Arti “dien” tidak hanya “agama/ugama” dalam pengertian sansekerta
yang bermakna “tidak rusak” dan dipahami sebagai aturan ritual. Ia
berasal dari bahasa Arab yang memiliki makna: al-itaa’ah (ketaatan);
al-qahru wal-ghalabah (tunduk dan takluk); al-hudud wal-qawanin (hukum
dan undang-undang); dan al-jazaa’ (balasan).
Dien dari sisi
sumbernya, terbagi menjadi dua: dienullah (Undang-Undang Allah) dan
dienunnaas (Undang-Undang manusia). Dienullah adalah Islam Ciri-ciri
utamanya adalah ia bersumber dari wahyu Allah sejak nabi-nabi terdahulu.
Ciri lain, ia mutlak benar dan syumul (komprehensif) yang mengatur
seluruh aspek kehidupan manusia. Sifat ke-syumulan,-nya berlaku
universal; mencakup seluruh bangsa pada setiap zaman. Allah Ta’ala
menegaskan: “Sesungguhnya, dien yang benardi sisi Allah hanyalah Islam.”
Adapun
Dien Allah yang terakhir adalah Al Islam yang dibawa oleh Nabi Muhammad
SAW yang merupakan penyempurnaan Dien-Dien sebelumnya oleh karenanya
Dienul Islam yang dibawa oleh Nabi Muhammad SAW sebagai Nasikh
(penghapus) atas segala Dien sebelumnya.
Sedangkan dienun-naas
adalah Undang-Undang manusia. Sumber ajarannya adalah otak manusia.

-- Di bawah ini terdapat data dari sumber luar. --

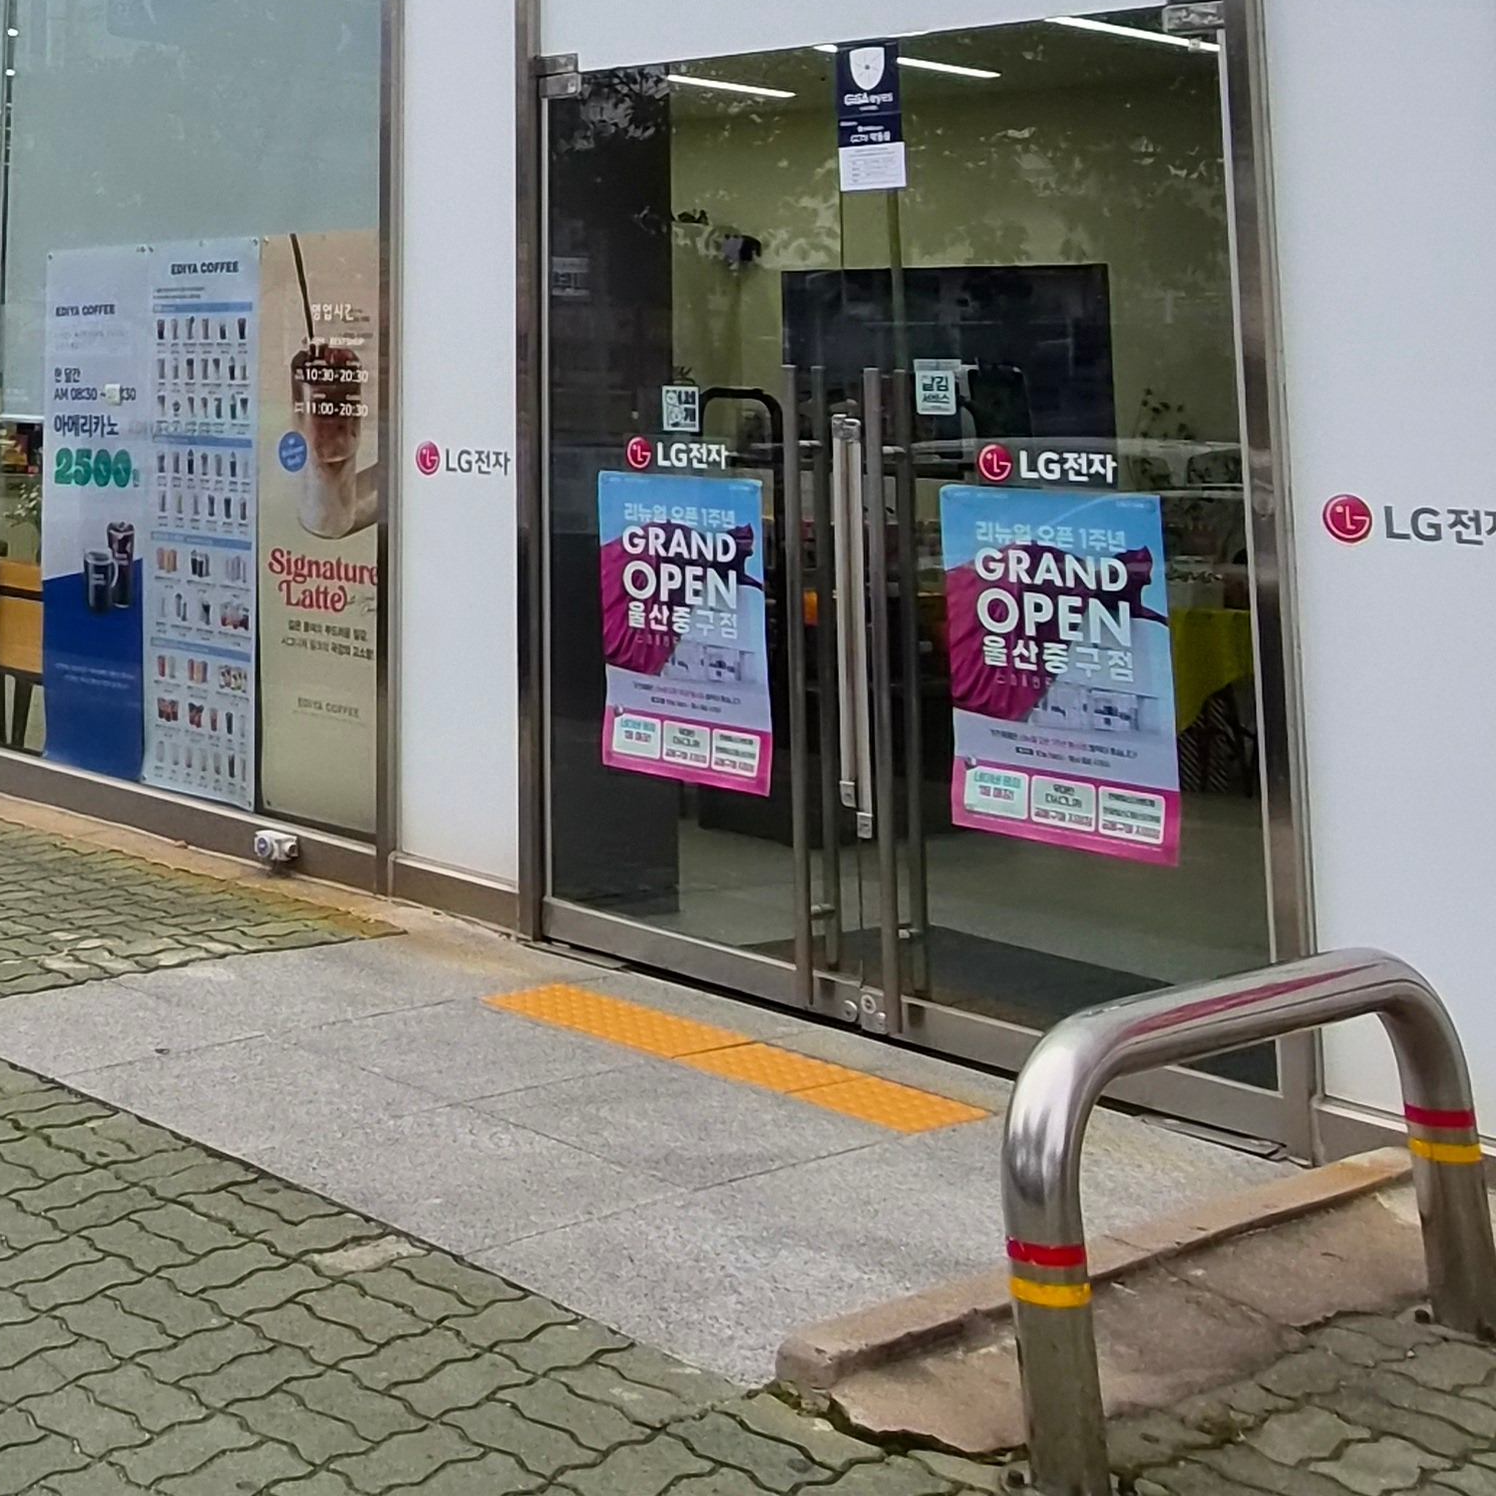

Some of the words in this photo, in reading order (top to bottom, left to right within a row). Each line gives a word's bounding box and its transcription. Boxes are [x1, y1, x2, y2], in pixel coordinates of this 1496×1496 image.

[171, 263, 198, 275] EDIYA
[201, 261, 239, 273] COFFEE
[55, 305, 80, 317] EDIYA
[82, 304, 115, 316] COFFEE
[311, 303, 355, 321] 영업시간
[54, 388, 69, 400] AM
[54, 414, 120, 437] 아메리카노
[445, 448, 511, 476] LG전자
[657, 441, 729, 470] LG전자
[1019, 450, 1117, 484] LG전자
[624, 502, 667, 524] 리뉴얼
[671, 506, 698, 526] 오픈
[701, 507, 735, 529] 1주년
[622, 525, 737, 563] GRAND
[975, 520, 1032, 546] 리뉴얼
[1037, 524, 1075, 549] 오픈
[1078, 528, 1127, 553] 1주년
[267, 547, 377, 586] Signature
[974, 547, 1128, 592] GRAND
[277, 579, 348, 613] Latte
[623, 560, 737, 609] OPEN
[628, 601, 738, 640] 울산중구점
[976, 587, 1132, 647] OPEN
[982, 635, 1134, 683] 울산중구점

Nilai-nilainya sangat tergantung pada subyektifitas manusia yang sangat
beragam. Dan yang pasti, ia bathil di sisi Allah. Jika diamalkan hanya
akan membawa bencana dunia di akhirat. Karenanya, tak ada pilihan bagi
manusia kecuali Dinul Islam bila ingin selamat dunia-akhirat.
Dengan
demikian, memeluk dienul-Islam berarti siap taat, patuh, dan berhukum
kepada Allah Ta’ala. Dienul-Islam adalah manhajul hayah (sebuah sistem
hidup). Manusia yang enggan berhukum dengan hukum Allah, hanya akan
menghantarkan hidupnya menjadi tak bermakna; mengantarkannya pada
derajat rendah bahkan lebih rendah dari binatang. ; dan mengantarkan
kepada kekufuran.
Ibnu Taimiyyah, Ulama terkemuka abad 8 H berkata:
“Tidak
dapat diragukan bahwa orang yang tidak meyakini kewajiban memutuskan
perkara menurut apa yang diturunkan Allah kepada rasul-Nya, maka dia
adalah kafir. Siapa yang secara sukarela memutuskan perkara di antara
manusia menurut apa yang dilihatnya adil, tanpa mengikuti apa yang
disyariatkan oleh Allah, maka dia adalah kafir. Setiap unsur tentu
mendambakan keadilan, dan keadilan itu bisa berupa model yang dibuat
para pemimpinnya. Bahkan banyak orang-orang yang menisbatkan diri kepada
Islam (mengaku sebagai seorang muslim) namun memutuskan perkara menurut
tradisi mereka, padahal Allah tidak memerintahkan yang demikian itu;
seperti yang dilakukan pemuka Baduy, mereka ditaati dan dipatuhi, mereka
berpendapat bahwa hukum tiulah yang harus ditaati, tanpa Alkitan dan
Assunah maka hal ini merupakan kekufuran. Banyak orang memeluk Islam,
namun mereka tidak memutuskan perkara, melainkan menurut tradisi yang
berlaku. Jika mereka tahu bahwa memutuskan perkara tidak boleh dilakukan
kecuali menurut apa yang diturunkan Allah, tapi mereka tidak
melakukannya bahkan merasa lebih berkenan memutuskan perkara meski
bertentangan dengan apa yang diturunkan Allah, maka mereka adalah kafir.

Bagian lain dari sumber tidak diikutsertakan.